Louis Roelandt or Lodewijk Joseph Adriaan Roelandt (1786-1864) with his full Dutch name, was a Belgian architect that played an important role in the evolution of Neo-Renaissance and Neo-Classical architecture in Belgium.

During the period that Belgium belonged to the First French Empire, Roelandt, who had studied at the Académie of Ghent, was selected to continue his education at the prestigious "Ecole Spéciale d'Architecture" in Paris. Like his compatriot Tilman-François Suys he was a pupil of Charles Percier and Pierre François Léonard Fontaine.

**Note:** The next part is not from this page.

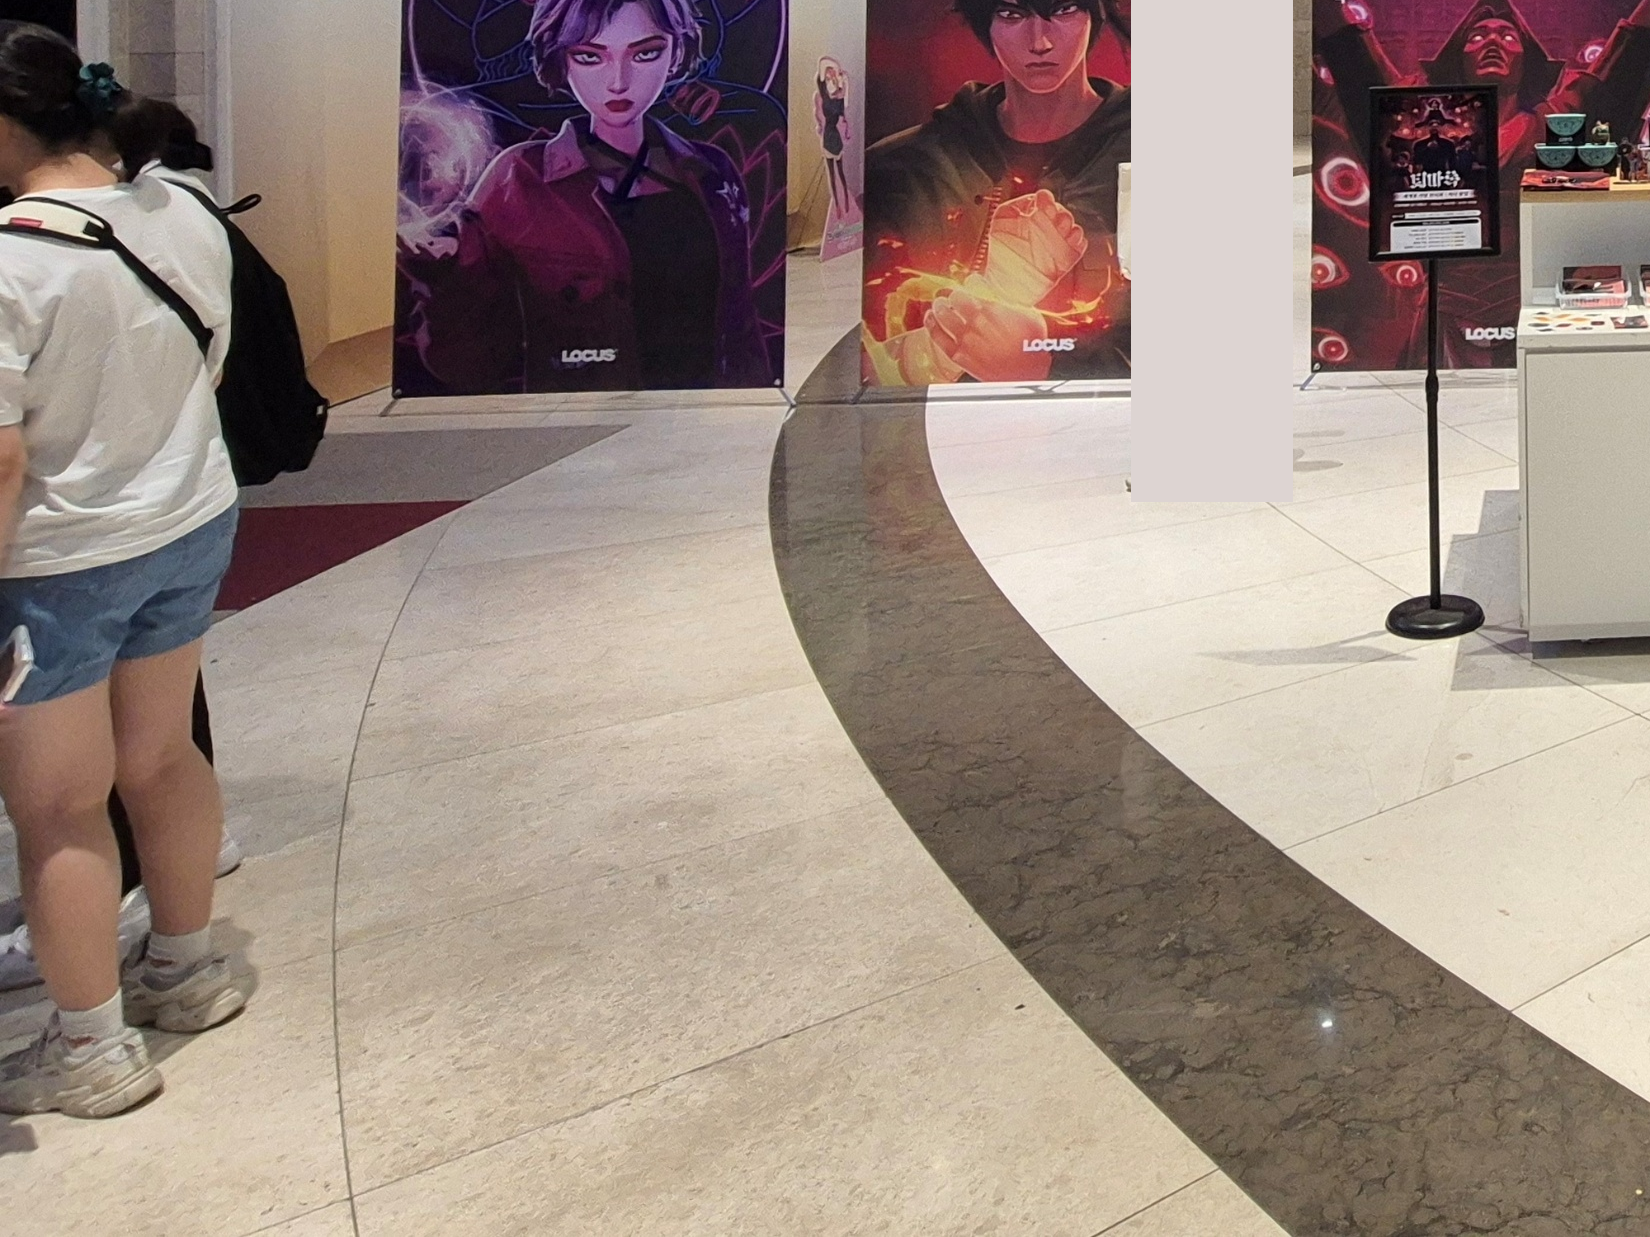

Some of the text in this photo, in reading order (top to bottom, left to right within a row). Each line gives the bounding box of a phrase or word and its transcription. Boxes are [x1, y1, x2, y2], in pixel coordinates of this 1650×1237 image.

In 1818 he was appointed as architect to the city of Ghent where he would realise the majority of his future projects. Gradually Roelandt moved away from the severe Empire Style in which he had been trained, and introduced more and more Neo-Renaissance and Neo-Baroque features into his designs. He also built churches in an early Gothic Revival style, such as the Sint-Annakerk in Ghent.

Among his most famous students were Louis Delacenserie and Louis van Overstraeten.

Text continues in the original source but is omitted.